2014 yılının Ocak ayında sağlıkta şiddeti çözeceği ileri sürülerek, kasten yaralama suçu tutuklamanedeni varsayılan suçlardan sayıldı 1 ve özel sağlık kurum ve kuruluşlarında görev yapan personel, bu görevleriyle bağlantılı olarak kendilerine karşı işlenen suçlar bakımından kamu görevlisi kabul edildi. İddiaya göre bu düzenleme sonucu sağlık personeline şiddet uygulayanlar tutuklanacak, tutuklanma kaygısı kişilerin şiddete yönelmesini ortadan kaldıracaktı. Oysa yaralamanın derecesine göre öngörülen ceza miktarı çoğu zaman tutuksuz yargılamayı gerektirdiği toplumun gözünden kaçırıldı. Ayrıca mahkemeler tarafından, devlet yetkililerini eleştirenlere karşı tutuklama nedenleri var sayılırken, sağlık personelini öldüresiye darp edenlere karşı anlaşılması güç bir “tölerans” gösterildiğini de görüyoruz.
‘’Sağlık Torba Yasasının 24. Maddesindeki düzenleme suçun önlenmesine yönelik bir içeriğe sahip değildir’’
Türk Tabipleri Birliği o zaman bu düzenlemelerin sağlıkta şiddeti önlemeye elverişli ve yeterli olmadığını, hekimlerin, sağlık çalışanlarının sağlığının ve canlarının korunması, sağlık hakkının güvence altına alınması için Sağlıkta Şiddete Dair Meclis Araştırma Raporunda yer alan önlemlerin bir parçası olarak acil bir suç ve ceza maddesine ihtiyaç olduğunu söyledi.
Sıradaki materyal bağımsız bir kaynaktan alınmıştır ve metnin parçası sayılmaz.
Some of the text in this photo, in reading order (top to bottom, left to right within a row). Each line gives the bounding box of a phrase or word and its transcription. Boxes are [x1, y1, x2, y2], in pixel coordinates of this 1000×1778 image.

Bugüne kadar geçen zaman 2014 yılında yapılan düzenlemenin etkisizliğini gösterdi. Geçenlerde kabul edilen “Sağlık Torba” Yasasının 24. Maddesindeki düzenlemede sorunun özüne yani suçun önlenmesine yönelik bir içeriğe sahip değildir. Esasen zaten kolluğun ve Cumhuriyet Savcılığının Ceza Yargılaması ve Güvenlik Mevzuatı hükümleri uyarınca yapması gereken görevleri ikinci bir kez 3359 sayılı Sağlık Hizmetleri Temel Kanunun 12. Maddesine ek paragraf olarak koymaktadır. Bu nedenle içi boş, çözüm getirme yetisinden yoksun bir düzenlemedir. Eğer, devleti yönetenler sağlıkta şiddeti önlemede gerçekten katkısı olacak bir yasa yapmak isteseler, Türk Tabipleri Birliğinin dünya örnekleri, deneyimleri ile uyumlu düzenlemesini dikkate almaları beklenir.
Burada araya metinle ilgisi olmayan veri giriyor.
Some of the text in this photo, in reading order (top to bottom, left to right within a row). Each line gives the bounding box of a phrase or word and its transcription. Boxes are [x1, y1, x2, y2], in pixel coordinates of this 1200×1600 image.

*12 Ocak 2014 tarih ve 6514 sayılı Kanunun 47. Maddesi ile 3359 sayılı Kanuna eklenen Ek 12 inci madde.
Ziynet Özçelik kimdir?
1989 yılında Ankara Üniversitesi Hukuk Fakültesinden mezun olmuştur. Avukatlık stajının ardından 1990 yılında Ankara’da serbest avukatlık yapmaya başlamıştır. Sağlık alanı ile ilgilidanışmanlık ve avukatlık faaliyetlerine 1992 yılında başlamış olup halen bu alanda çalışmalarını sürdürmektedir. Sağlık hakkının gerçekleştirilmesine yönelik çalışmalar ile sağlık hizmetlerinde görev alan ekip üyelerinin eğitimlerinden başlayarak her türlü akademik, mesleki, özlük hakları ile ilgili çalışmalar ilgi alanına girmektedir.